Here I am in glamorous Croydon, after the first day of the World Memory Championship 2013! We're in a surprisingly silent conference centre in the middle of a street market full of mongers yelling about their cheap fruit and veg, and the competition room comes equipped with a big screen displaying the time remaining to memorise or recall, as appropriate! We've never had that kind of hi-tech stuff at a WMC before, so all glory to Andy Fong for creating it!
Not having practiced, I'm in the pleasant situation of being here with no expectations and no intention of doing anything but have fun. With Simon Reinhard not being here, Johannes Mallow is the blistering hot favourite, but maybe one of our up-and-coming new mental athletes will give him a run for his metaphorical money (no prizes).

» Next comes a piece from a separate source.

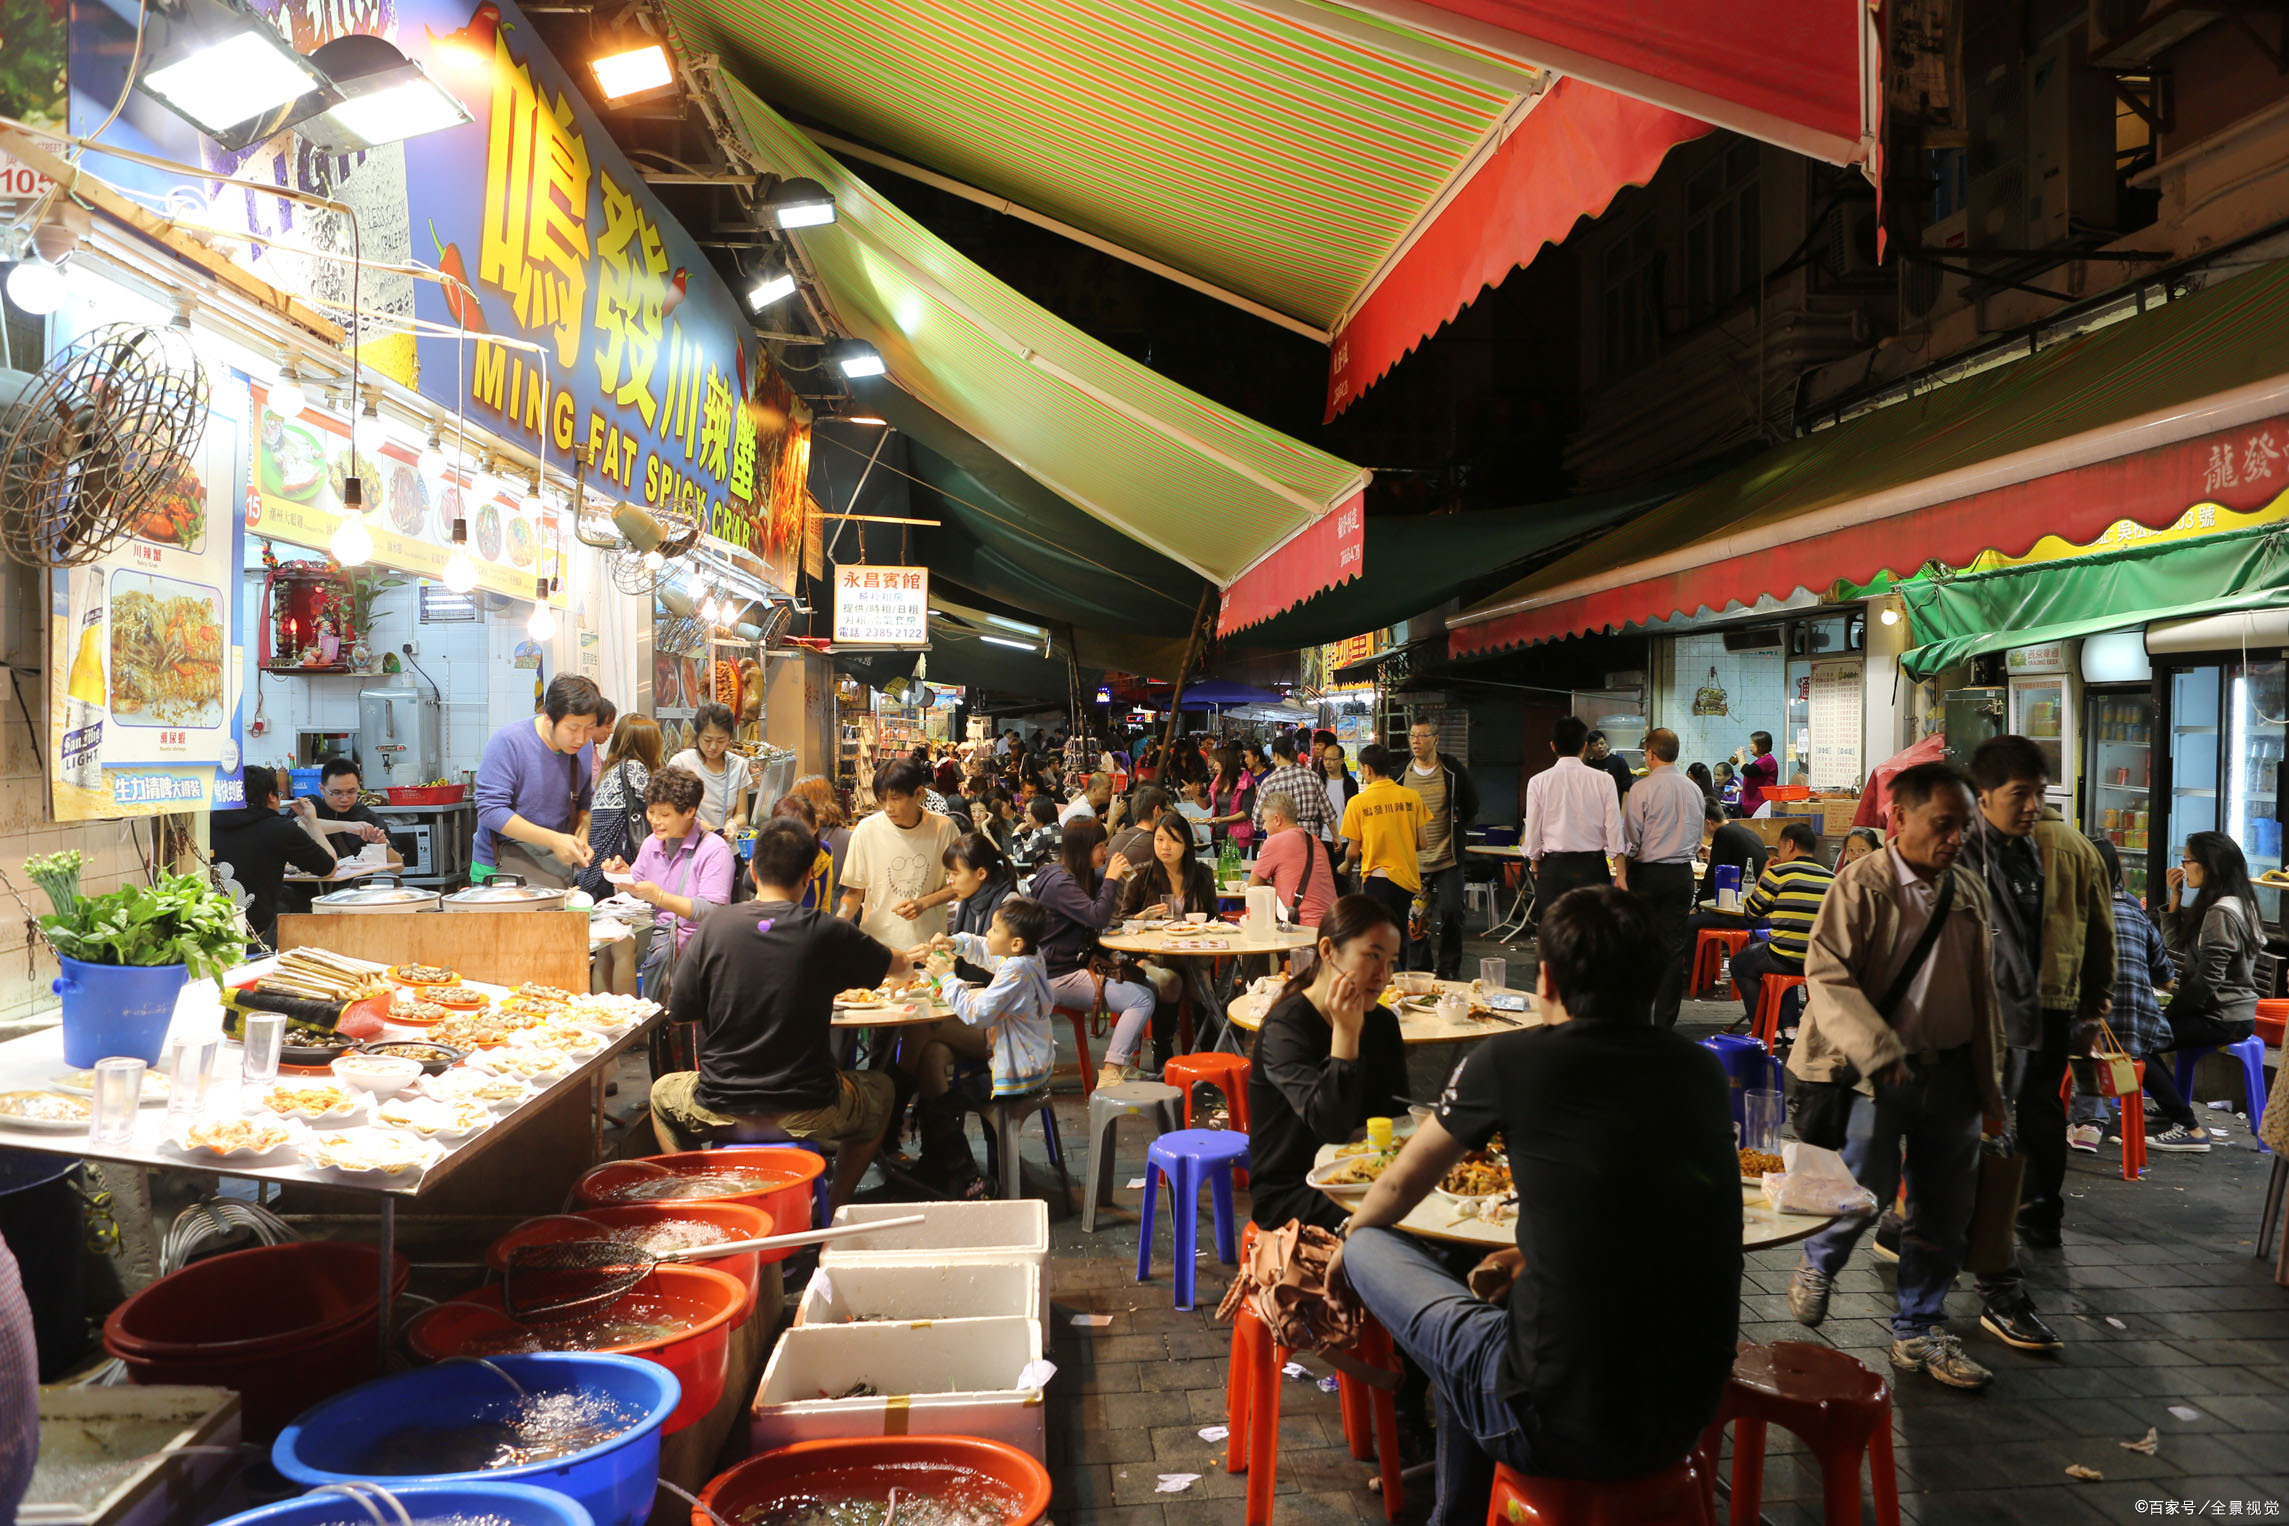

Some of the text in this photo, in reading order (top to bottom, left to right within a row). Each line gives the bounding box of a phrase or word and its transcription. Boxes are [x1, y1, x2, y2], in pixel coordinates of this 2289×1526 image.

Hard to say, so far, because we've only had the results of the names and faces, and you can never judge what form people are in until we've had a 'real' memory discipline or two announced. The statistics website, unsurprisingly, has dropped dead, but if it can be brought back to life the results can be found here first. If not, Memocamp might be able to get hold of the information somehow and upload it there...
Boris Konrad won the names and faces, fractionally ahead of Jonas von Essen and James Paterson (the usual suspects, in other words), and I got some dreadful score that I'm really not unhappy with at all.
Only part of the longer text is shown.